Un désaccord, une mésentente, une convenance personnelle vous oblige à envisager la rupture d’un contrat de travail ?

Il y a différentes façons de rompre un contrat de travail mais toute rupture nécessite au préalable une raison valable de la part de l’employeur et implique une certaine précarité pour l’employé qui doit quitter son statut de salarié sans être certain de trouver un nouveau poste dans l’immédiat.

La rupture conventionnelle a été mise en place en 2008 pour palier à ces obligations et cette précarité.

Elle permet de mettre fin à un contrat de travail (CDD ou CDI), de façon amiable tout en assurant la protection du salarié.

Le principe :

En cas de désaccord, employeur et employé peuvent convenir d’une rupture de contrat. Il n’est pas nécessaire de préciser les raisons pour lesquelles ce contrat doit être rompu mais certaines règles doivent être respectées.

La faculté de résilier le contrat de travail se trouve dans l’article 1134 du Code Civil qui précise que les conventions légalement formées par les parties peuvent être révoquées par consentement mutuel.

Cette convention est définie par les Tribunaux comme « une convention par laquelle, pour convenance personnelle, les parties déclarent mettre fin d’un commun accord au contrat qui les lie, moyennant le versement d’une somme forfaitaire » au profit du salarié.

Cet accord doit être écrit et préciser les conditions de départ du salarié.

Grâce à ce mode de rupture, le salarié bénéficie des allocations chômage ainsi que d’une indemnité au moins également à l’indemnité légale de licenciement.

Mise en place :

Vous envisagez une rupture conventionnelle ? En premier lieu, il faut prévoir un entretien durant lequel cette alternative sera exposée. Vous avez la possibilité d’organiser plusieurs réunions de « négociation » pour définir les modalités de rupture du contrat.

Durant ces entretiens, le salarié peut se faire assister par une personne de l’entreprise ou son conseil habituel et l’employeur peut être représenté par un de ses salariés ou un membre de son organisation syndicale ou un autre employeur de la même branche.
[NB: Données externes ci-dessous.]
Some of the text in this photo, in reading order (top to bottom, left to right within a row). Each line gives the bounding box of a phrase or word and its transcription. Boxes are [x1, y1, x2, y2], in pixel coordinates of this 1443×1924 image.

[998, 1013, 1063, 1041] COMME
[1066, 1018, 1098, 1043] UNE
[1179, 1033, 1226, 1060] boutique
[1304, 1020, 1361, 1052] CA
Dès lors que les parties sont d’accord sur les modalités de rupture, la convention sera rédigée et la demande d’homologation saisie via le formulaire en vigueur (demande d’homologation).
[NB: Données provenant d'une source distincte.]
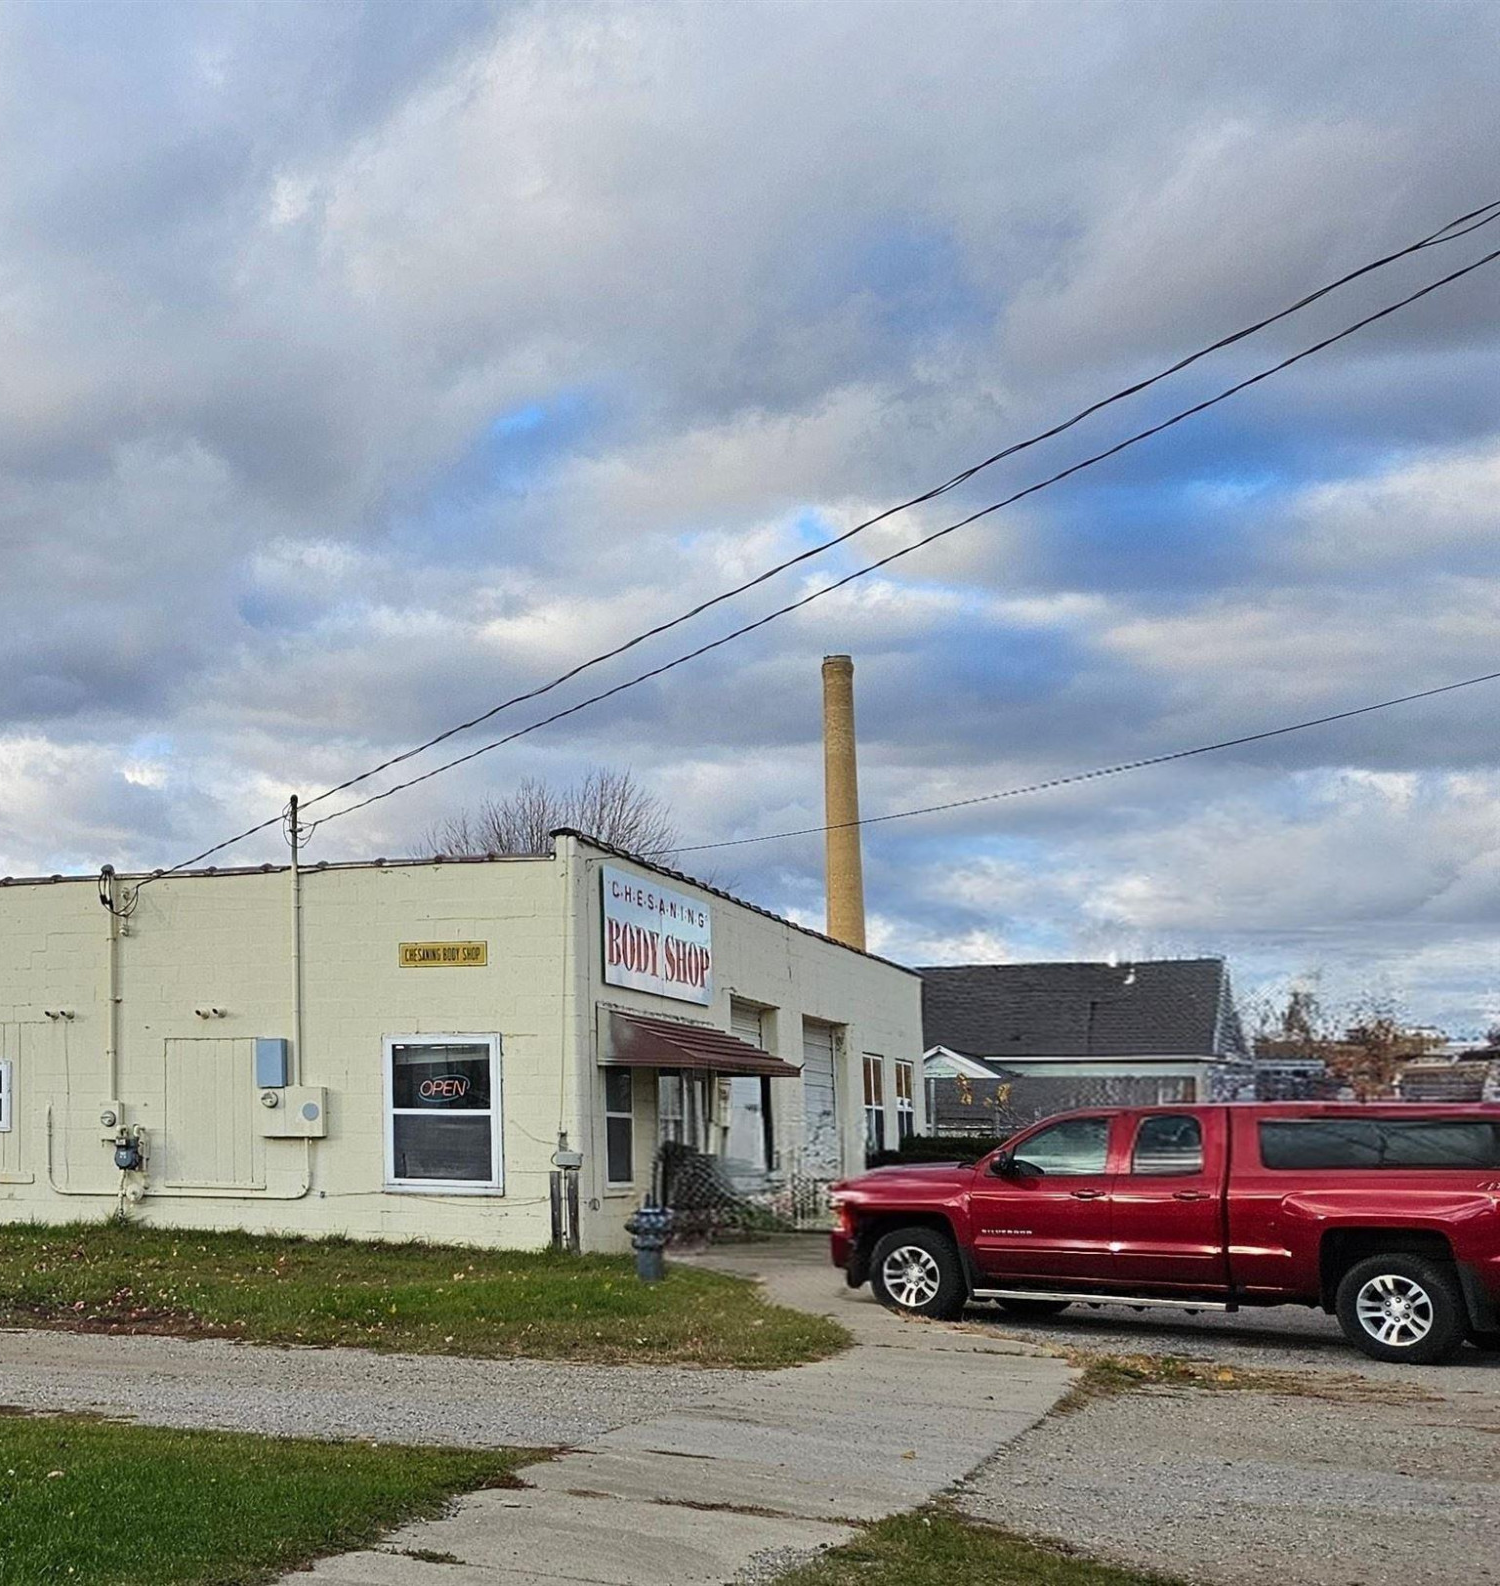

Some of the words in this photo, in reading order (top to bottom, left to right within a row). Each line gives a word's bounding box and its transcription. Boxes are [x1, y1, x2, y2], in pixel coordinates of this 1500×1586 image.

[443, 947, 460, 961] BODY
[463, 947, 480, 960] SHOP
[607, 916, 660, 978] BODY
[664, 933, 710, 988] SHOP
[420, 1080, 466, 1097] OPEN
Une fois signée, l’employeur est tenu de remettre au salarié un exemplaire de la convention.

A défaut, le salarié pourra demander l’annulation de la rupture conventionnelle et obtenir sa conversion en licenciement sans cause réelle et sérieuse lui permettant de bénéficier de toutes les indemnités s’y rapportant.
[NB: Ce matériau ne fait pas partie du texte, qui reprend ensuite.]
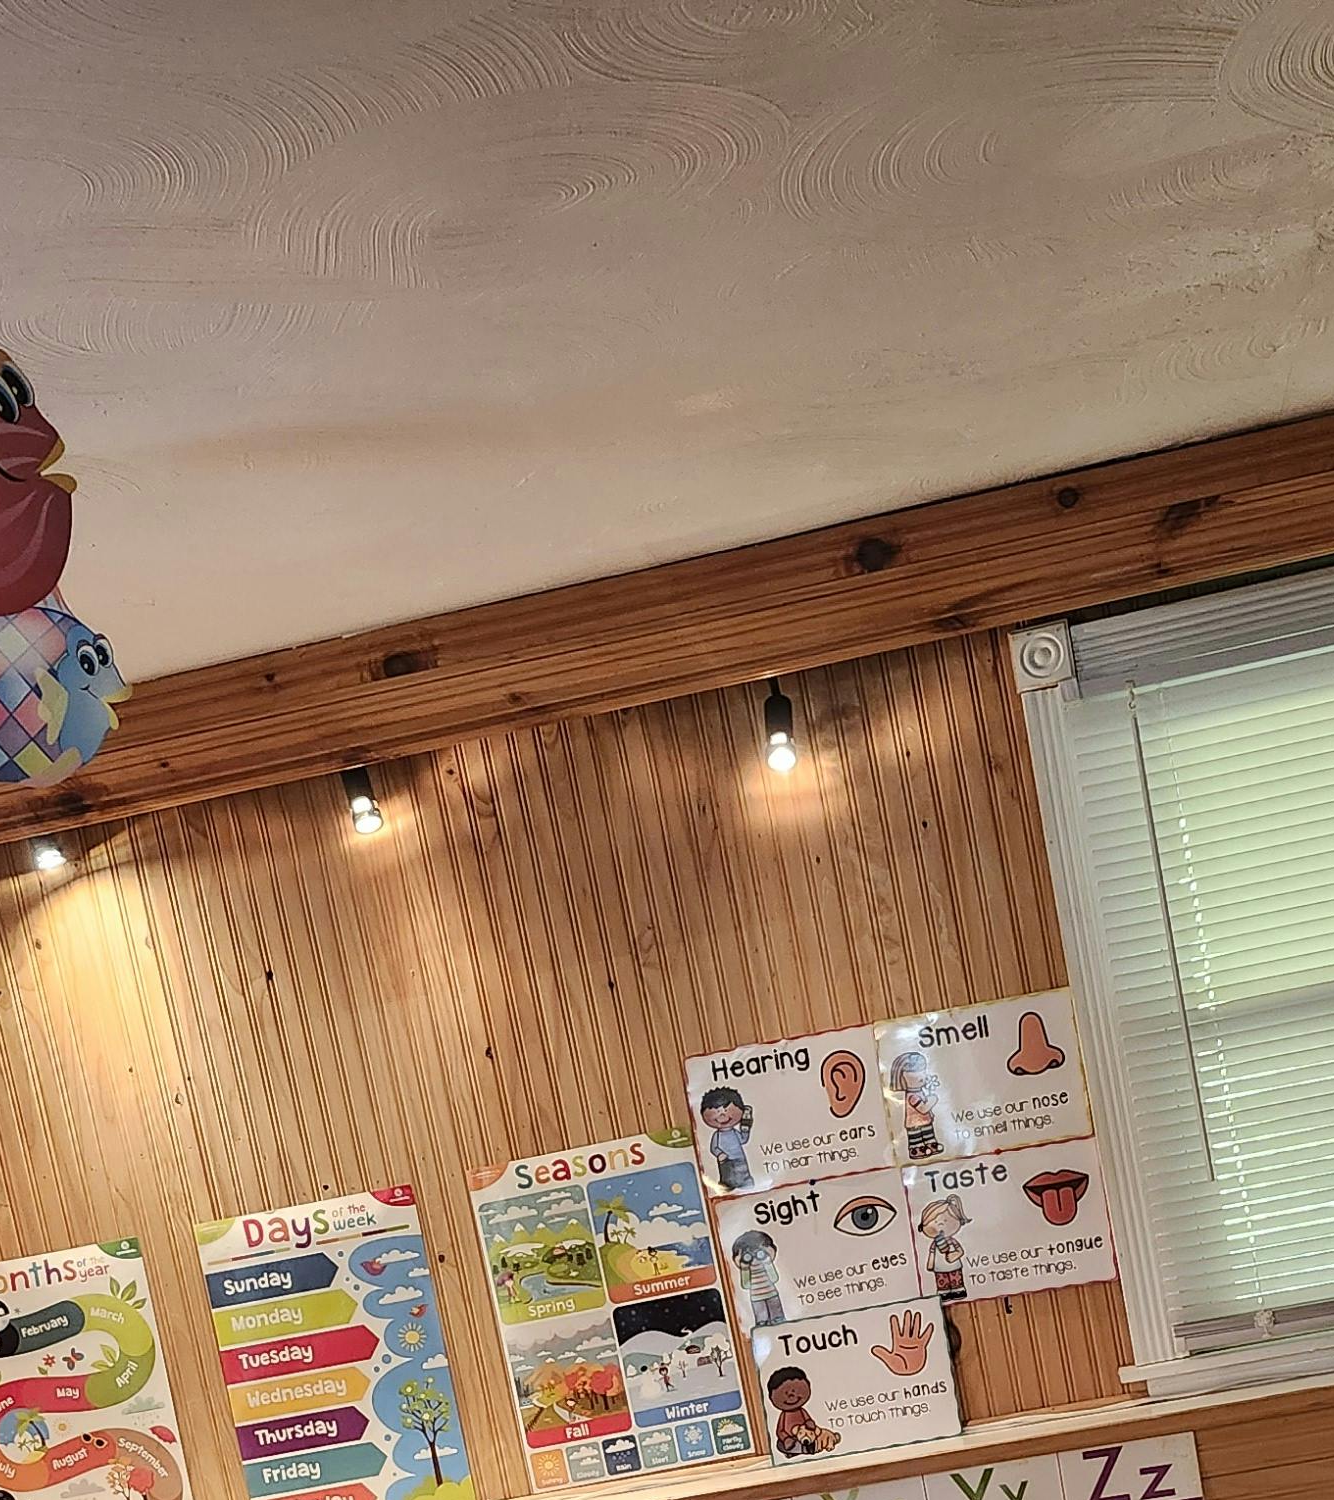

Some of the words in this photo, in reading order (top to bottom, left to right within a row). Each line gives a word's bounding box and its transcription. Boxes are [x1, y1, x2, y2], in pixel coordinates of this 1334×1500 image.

A la signature de la convention, salarié et employeur disposent d’un délai de rétractation de 15 jours.

A l’issue de ce délai, l’homologation de la convention doit être demandée auprès de la Direction Départementale du Travail de l’Emploi et de la Formation.

A défaut de réponse de sa part sous 15 jours, la convention sera réputée acceptée et effective. La rupture interviendra le lendemain.

Tant que l’homologation n’a pas eu lieu, le salarié poursuit son activité dans les conditions habituelles.

La rupture conventionnelle doit être encadrée et les modalités scrupuleusement respectées afin d’éviter tout abus de part et d’autre.

Elle reste un moyen simple et efficace de clore une collaboration.